(RECORDS PROVIDED)

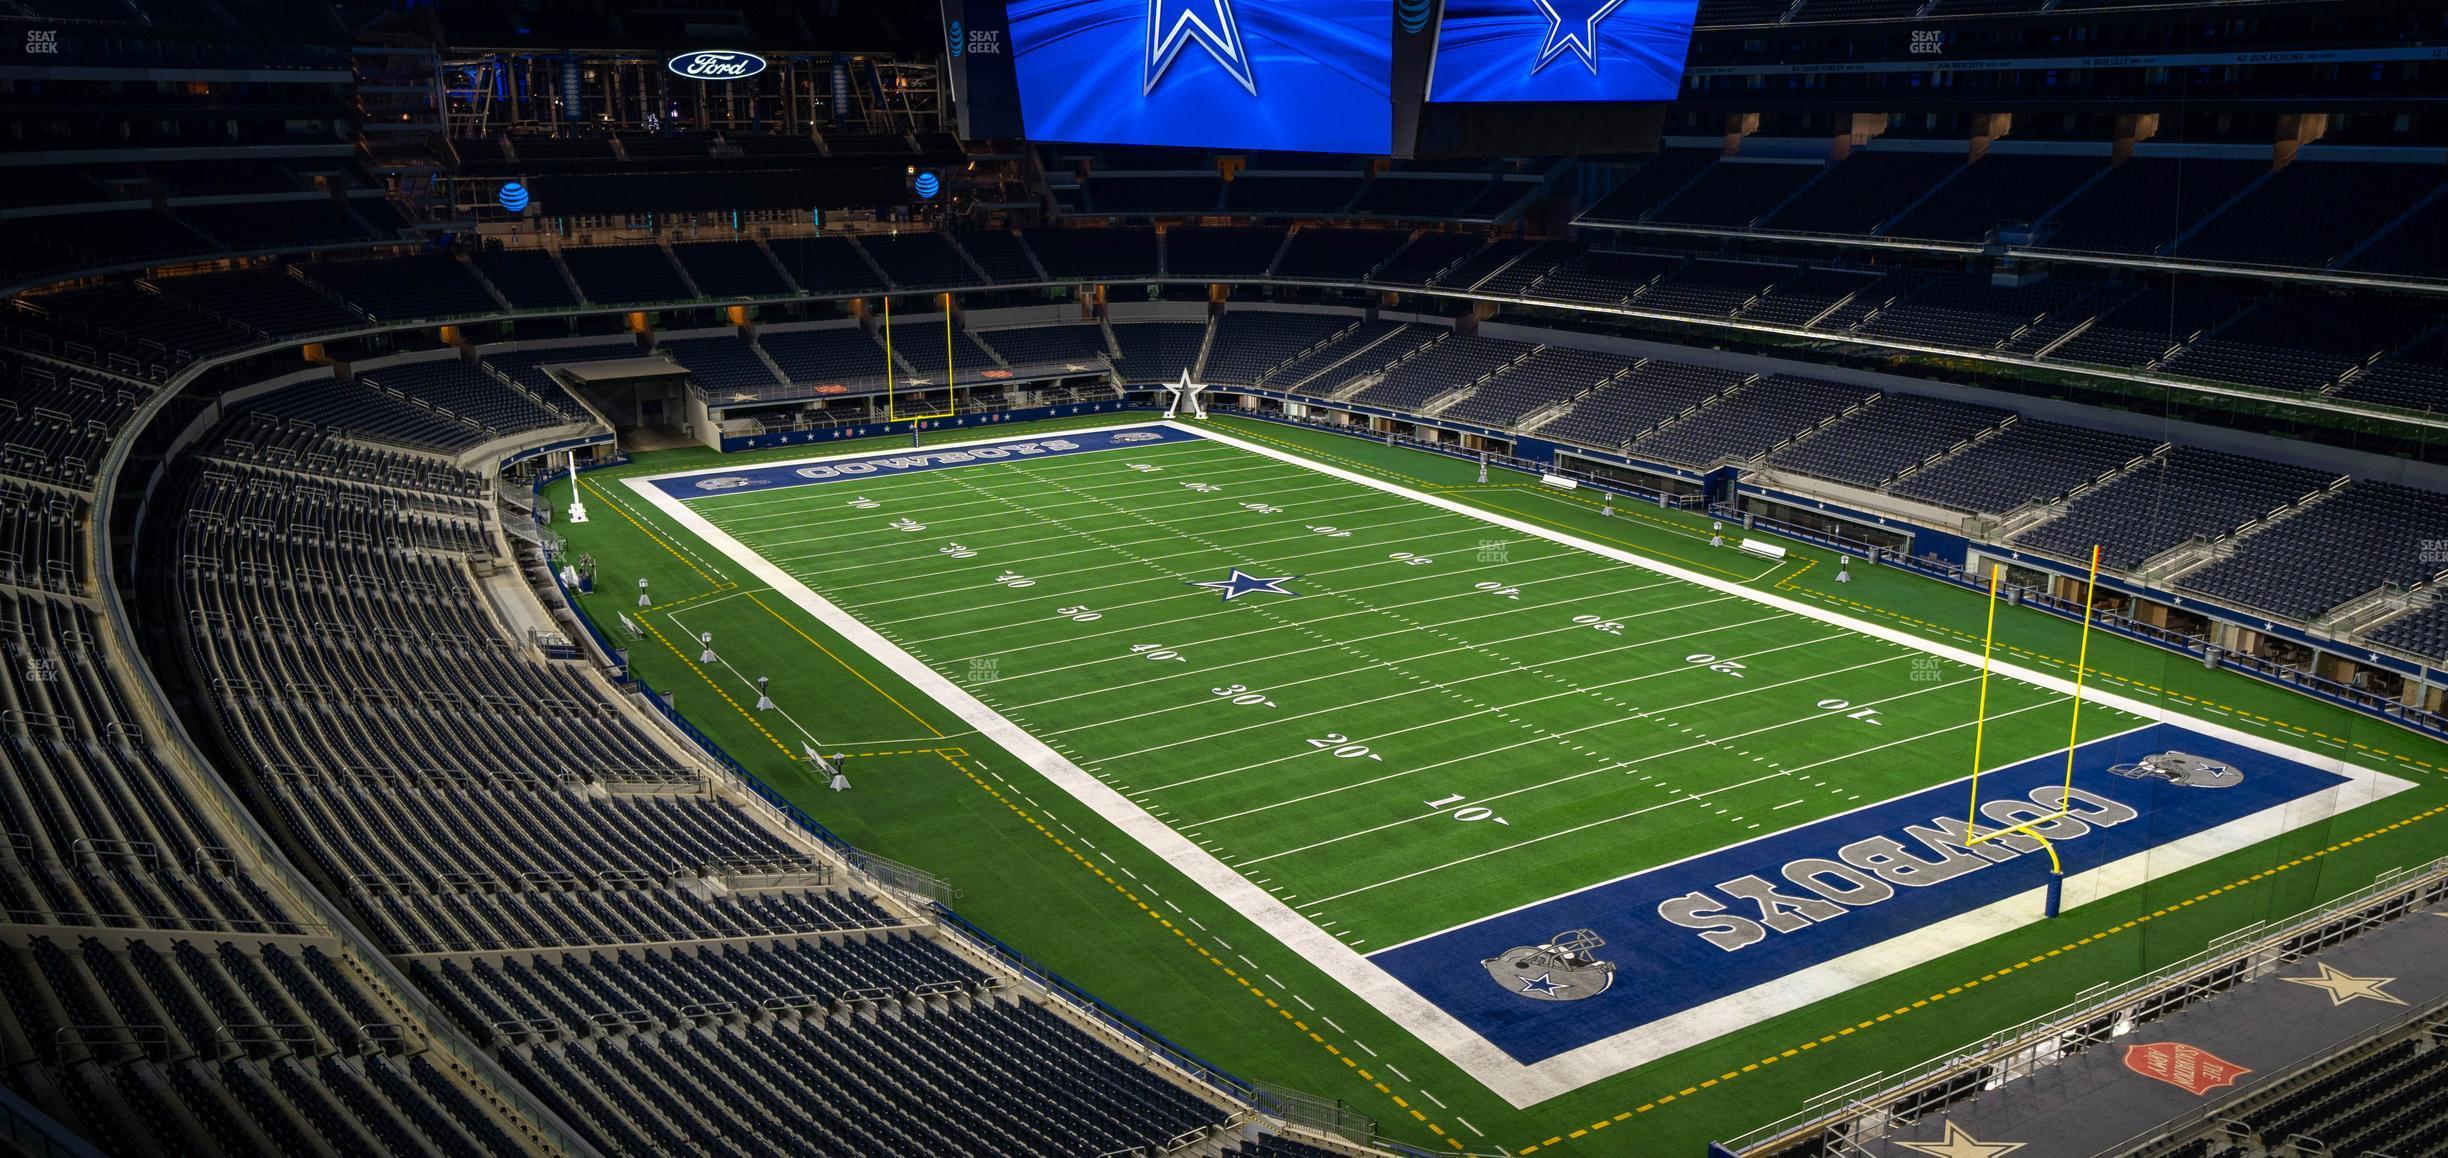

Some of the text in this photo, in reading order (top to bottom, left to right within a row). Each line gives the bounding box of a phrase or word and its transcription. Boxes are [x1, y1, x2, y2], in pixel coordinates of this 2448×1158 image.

[687, 54, 748, 75] Ford
[796, 439, 1080, 479] COWBOYS
[1389, 551, 1432, 565] 50
[995, 575, 1036, 587] 40
[1475, 581, 1520, 595] 40
[1057, 605, 1103, 621] 50
[1572, 615, 1625, 631] 30
[1129, 644, 1178, 660] 40
[1685, 654, 1747, 673] 20
[1211, 684, 1266, 705] 30
[1817, 699, 1882, 720] 10
[1306, 733, 1370, 758] 20
[1423, 793, 1493, 821] 10
[1656, 785, 2138, 952] COWBOYS
[2144, 1046, 2169, 1077] ARMY
[2174, 1045, 2198, 1090] SALVATION
[2203, 1061, 2223, 1082] THE

(End RECORDS PROVIDED)

EXERCISE REQUIREMENTS ▸ Return every entry word for word, leaving the pictures out.

ANSWER FOR THIS EXERCISE ▸
Some of the text in this photo, in reading order (top to bottom, left to right within a row). Each line gives the bounding box of a phrase or word and its transcription. Boxes are [x1, y1, x2, y2], in pixel coordinates of this 2448×1158 image.

[687, 54, 748, 75] Ford
[796, 439, 1080, 479] COWBOYS
[1389, 551, 1432, 565] 50
[995, 575, 1036, 587] 40
[1475, 581, 1520, 595] 40
[1057, 605, 1103, 621] 50
[1572, 615, 1625, 631] 30
[1129, 644, 1178, 660] 40
[1685, 654, 1747, 673] 20
[1211, 684, 1266, 705] 30
[1817, 699, 1882, 720] 10
[1306, 733, 1370, 758] 20
[1423, 793, 1493, 821] 10
[1656, 785, 2138, 952] COWBOYS
[2144, 1046, 2169, 1077] ARMY
[2174, 1045, 2198, 1090] SALVATION
[2203, 1061, 2223, 1082] THE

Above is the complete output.